- [What is required]: Could you transcribe every record below exactly as written, leaving out any pictures?

───── Available data

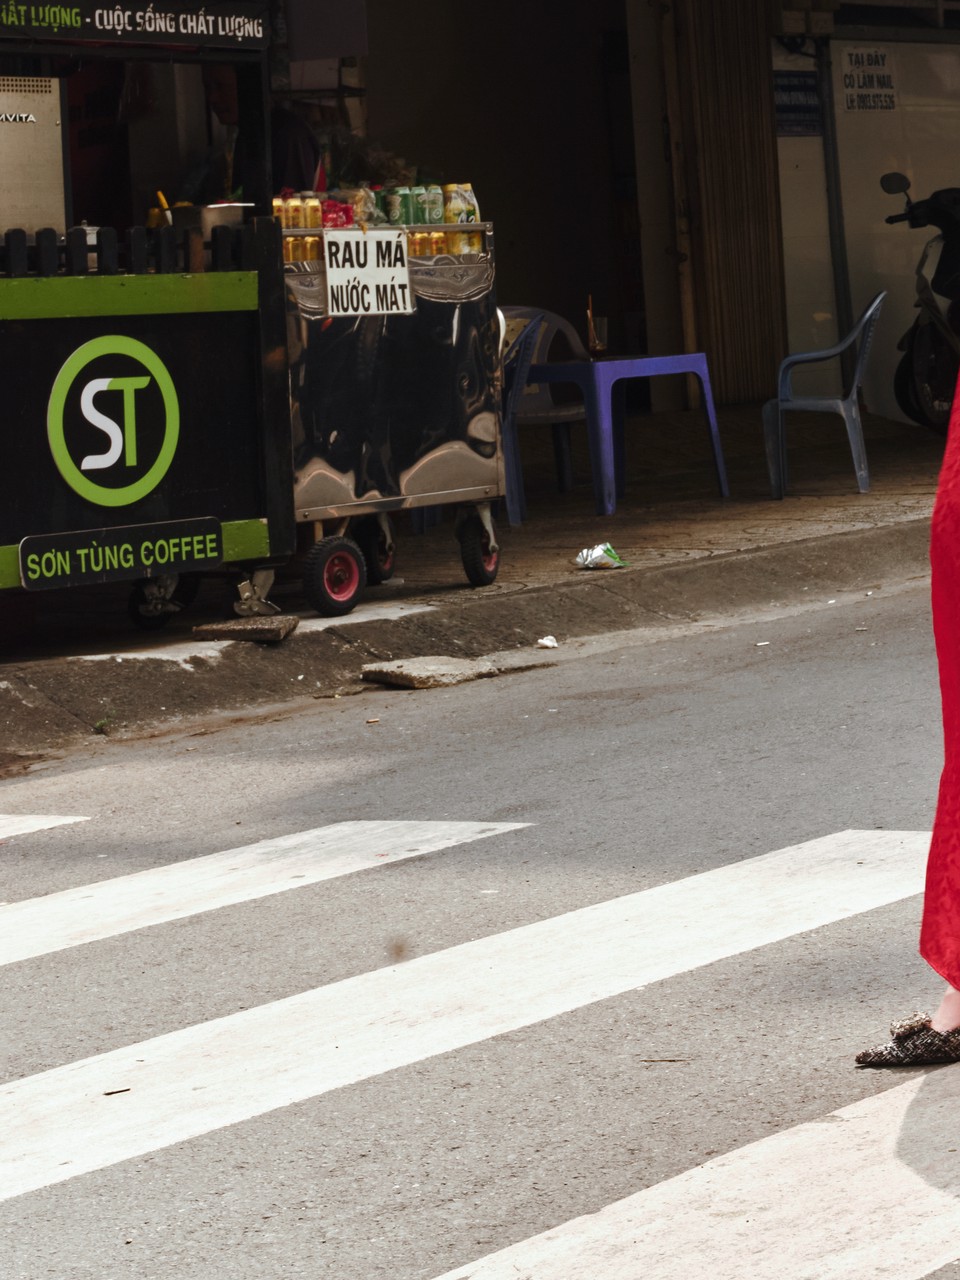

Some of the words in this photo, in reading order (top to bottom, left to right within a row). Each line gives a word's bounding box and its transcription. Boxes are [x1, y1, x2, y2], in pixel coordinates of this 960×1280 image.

[31, 5, 81, 32] LƯỢNG
[95, 5, 132, 35] CUỘC
[136, 3, 176, 32] SỐNG
[179, 7, 215, 35] CHẤT
[219, 15, 263, 41] LƯỢNG
[877, 74, 894, 90] NAIL
[327, 240, 368, 269] RAU
[376, 232, 406, 269] MÁ
[330, 276, 371, 313] NƯỚC
[375, 275, 408, 312] MÁT
[80, 376, 151, 470] ST
[27, 549, 70, 579] SƠN
[76, 541, 134, 573] TÙNG
[140, 534, 219, 566] COFFEE

──────────

- [Your response]:
Some of the words in this photo, in reading order (top to bottom, left to right within a row). Each line gives a word's bounding box and its transcription. Boxes are [x1, y1, x2, y2], in pixel coordinates of this 960×1280 image.

[31, 5, 81, 32] LƯỢNG
[95, 5, 132, 35] CUỘC
[136, 3, 176, 32] SỐNG
[179, 7, 215, 35] CHẤT
[219, 15, 263, 41] LƯỢNG
[877, 74, 894, 90] NAIL
[327, 240, 368, 269] RAU
[376, 232, 406, 269] MÁ
[330, 276, 371, 313] NƯỚC
[375, 275, 408, 312] MÁT
[80, 376, 151, 470] ST
[27, 549, 70, 579] SƠN
[76, 541, 134, 573] TÙNG
[140, 534, 219, 566] COFFEE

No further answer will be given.